### Problem to solve:
Pictures do not belong in the copy; restate the records below word for word.

### Records to use:
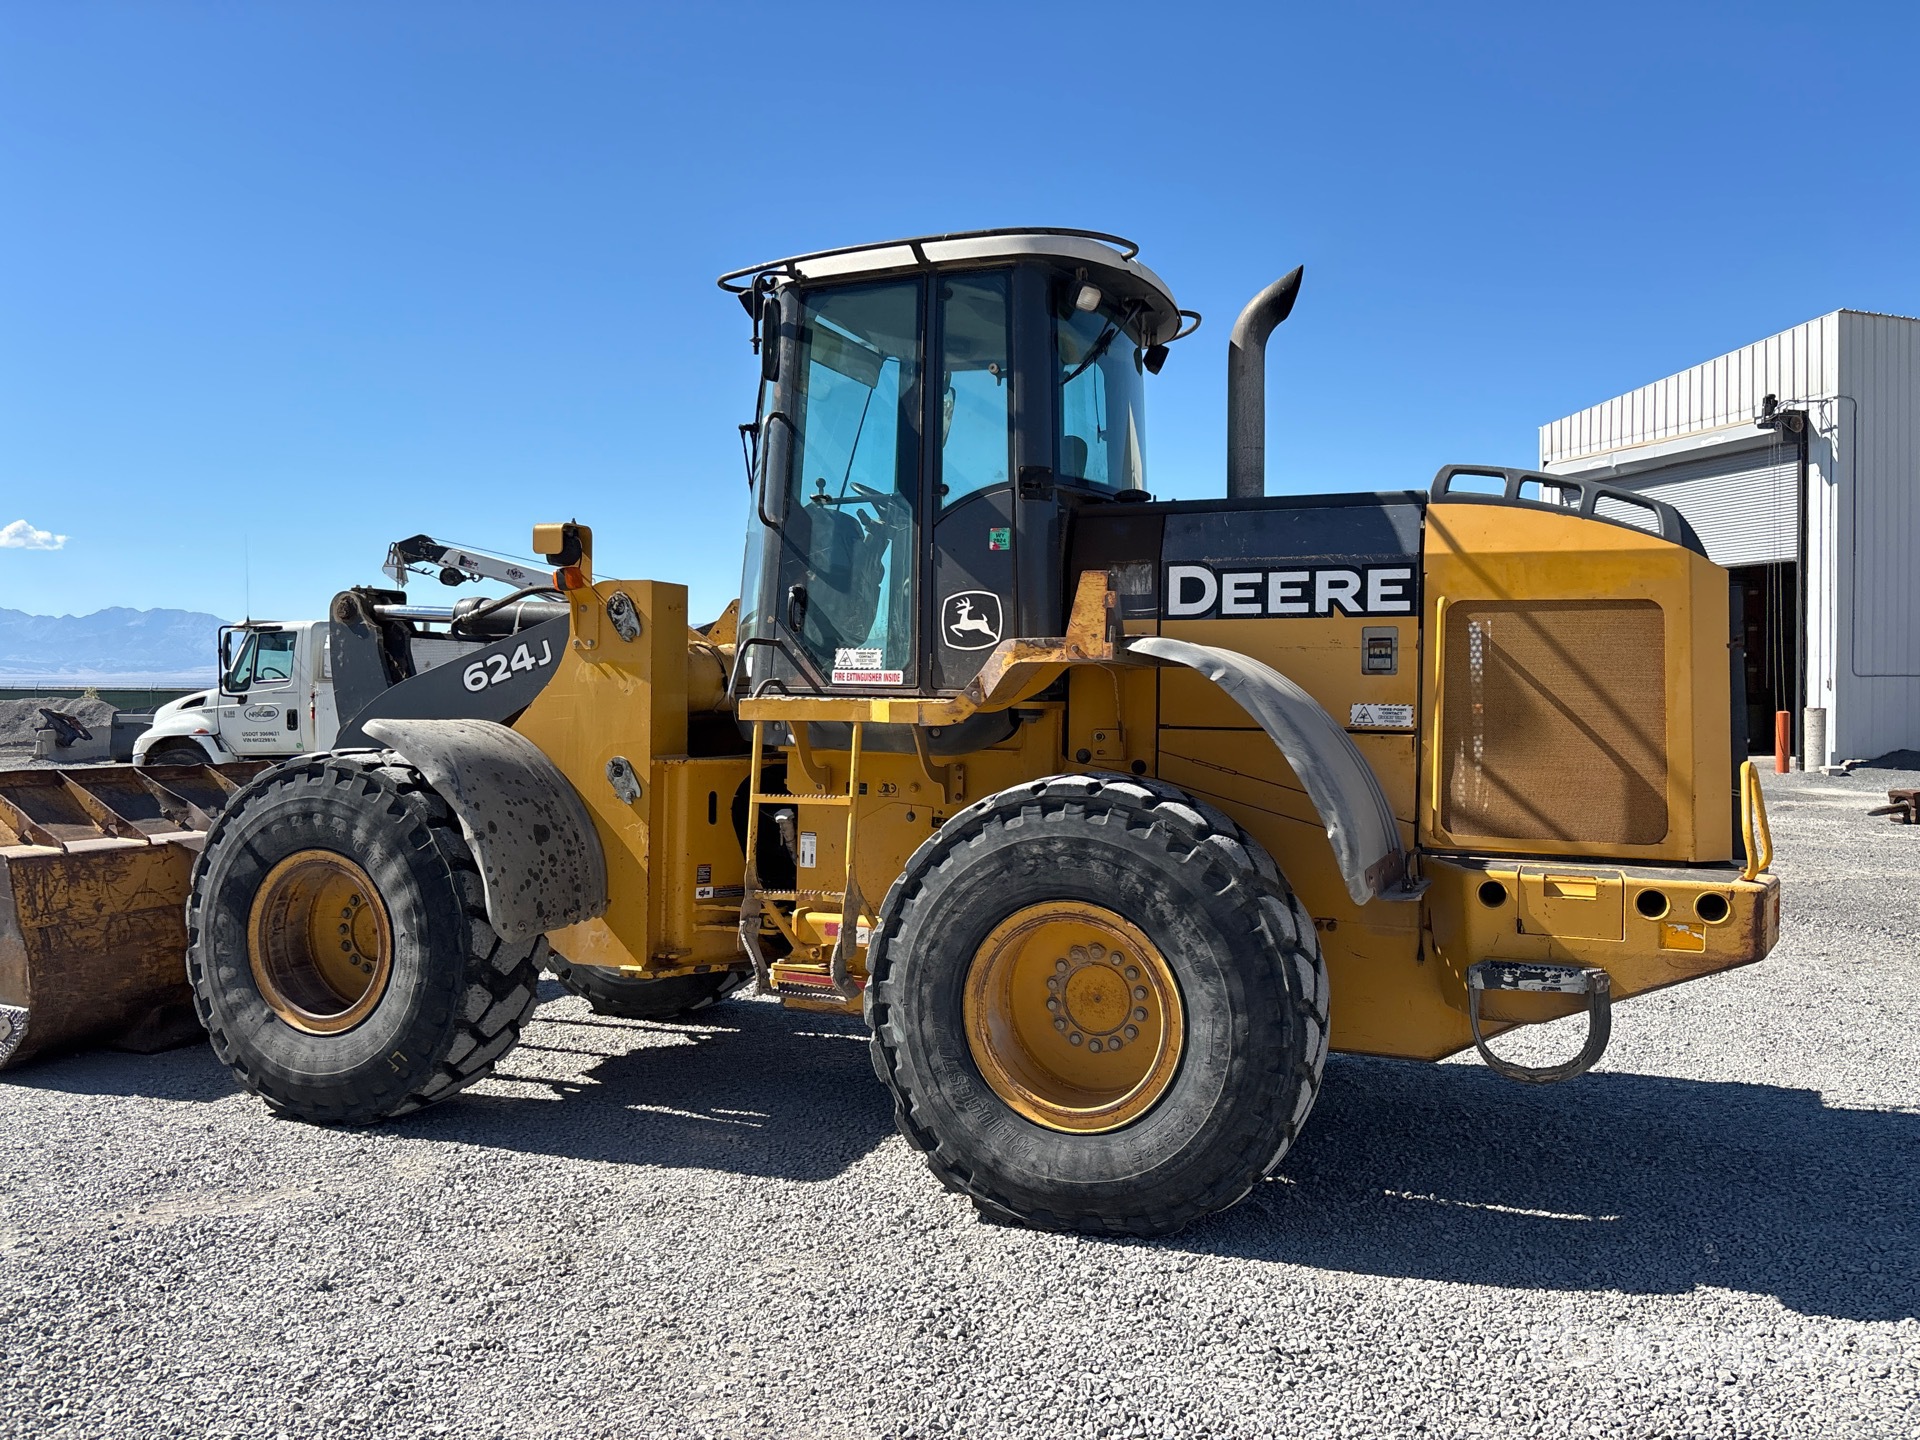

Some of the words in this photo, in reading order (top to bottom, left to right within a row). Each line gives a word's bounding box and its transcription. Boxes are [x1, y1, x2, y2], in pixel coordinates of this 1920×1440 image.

[1168, 565, 1411, 616] DEERE
[463, 639, 552, 692] 624J
[834, 672, 845, 682] FIRE
[846, 672, 882, 682] EXTINGUISHER
[883, 672, 901, 683] INSIDE
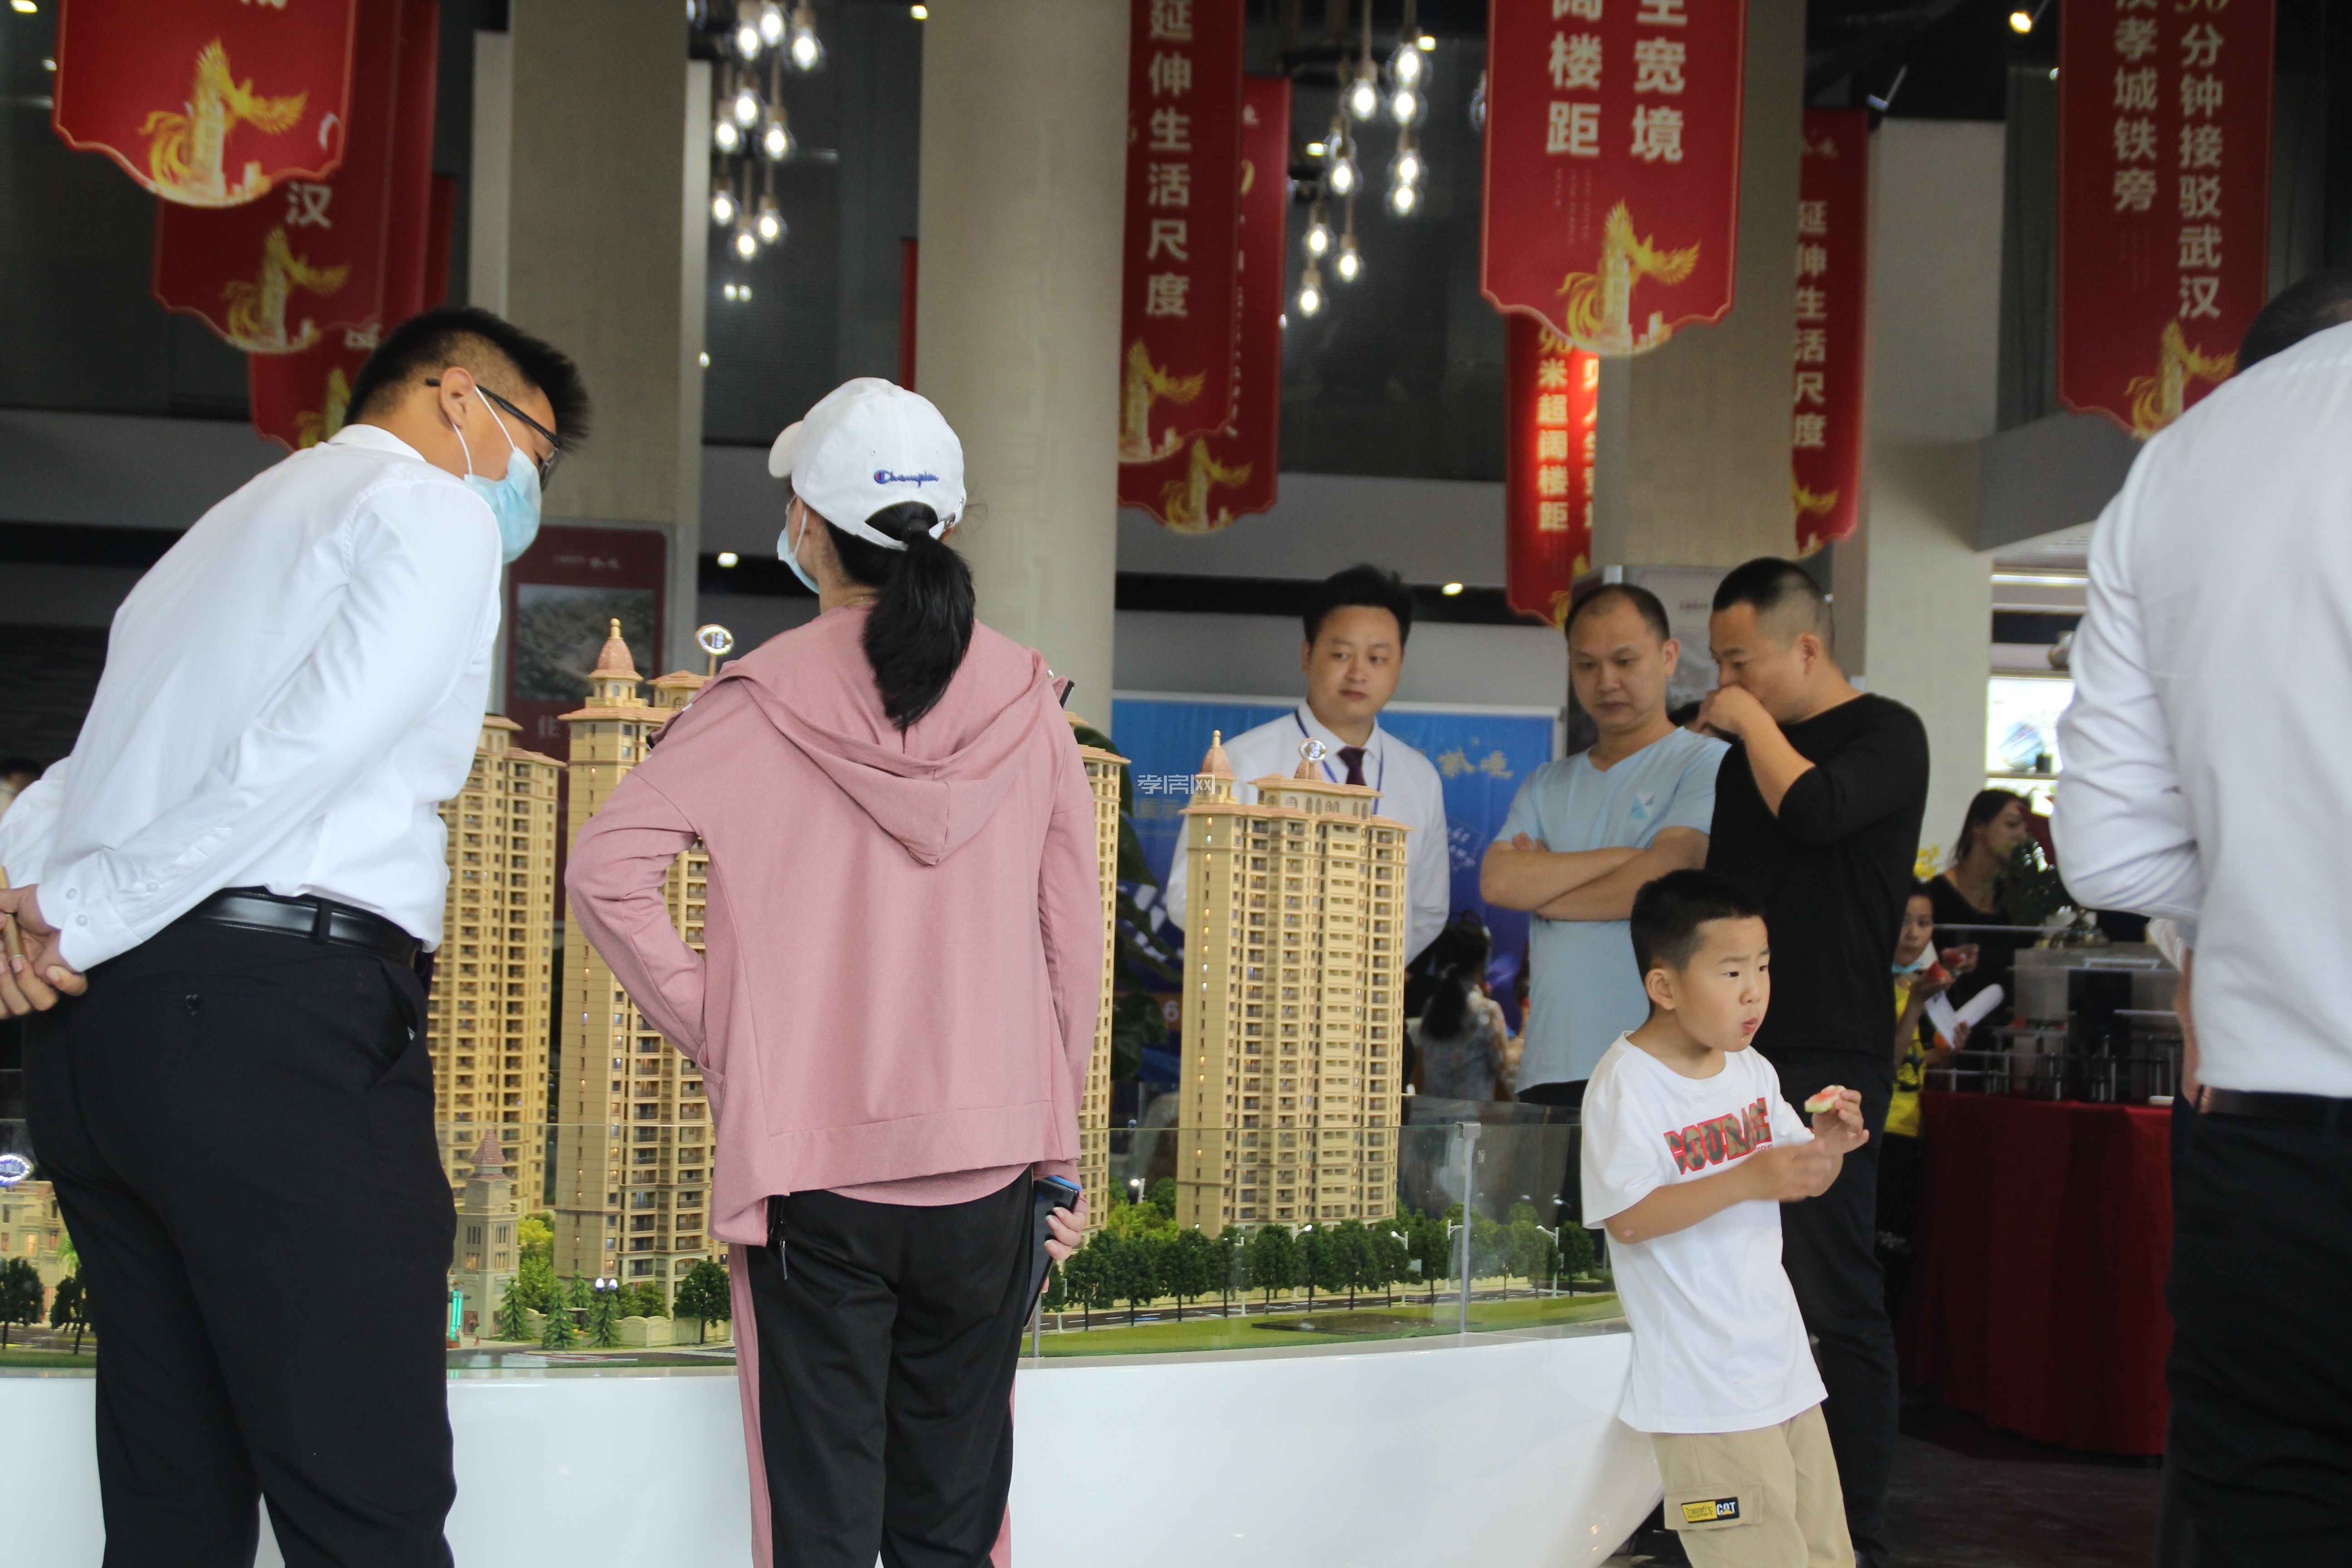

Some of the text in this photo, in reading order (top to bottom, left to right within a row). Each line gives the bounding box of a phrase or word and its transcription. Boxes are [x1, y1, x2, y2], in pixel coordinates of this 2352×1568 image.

[286, 182, 332, 228] 汉
[1146, 0, 1192, 318] 延伸生活尺度
[2112, 0, 2158, 213] 孝城铁旁
[2174, 0, 2227, 319] 分钟接驳武汉
[1716, 1502, 1735, 1515] CAT

### Response to the exercise:
Some of the words in this photo, in reading order (top to bottom, left to right within a row). Each line gives a word's bounding box and its transcription. Boxes are [x1, y1, x2, y2], in pixel coordinates of this 1920×1440 image.

[1168, 565, 1411, 616] DEERE
[463, 639, 552, 692] 624J
[834, 672, 845, 682] FIRE
[846, 672, 882, 682] EXTINGUISHER
[883, 672, 901, 683] INSIDE

Some of the text in this photo, in reading order (top to bottom, left to right within a row). Each line gives the bounding box of a phrase or word and its transcription. Boxes are [x1, y1, x2, y2], in pixel coordinates of this 2352×1568 image.

[286, 182, 332, 228] 汉
[1146, 0, 1192, 318] 延伸生活尺度
[2112, 0, 2158, 213] 孝城铁旁
[2174, 0, 2227, 319] 分钟接驳武汉
[1716, 1502, 1735, 1515] CAT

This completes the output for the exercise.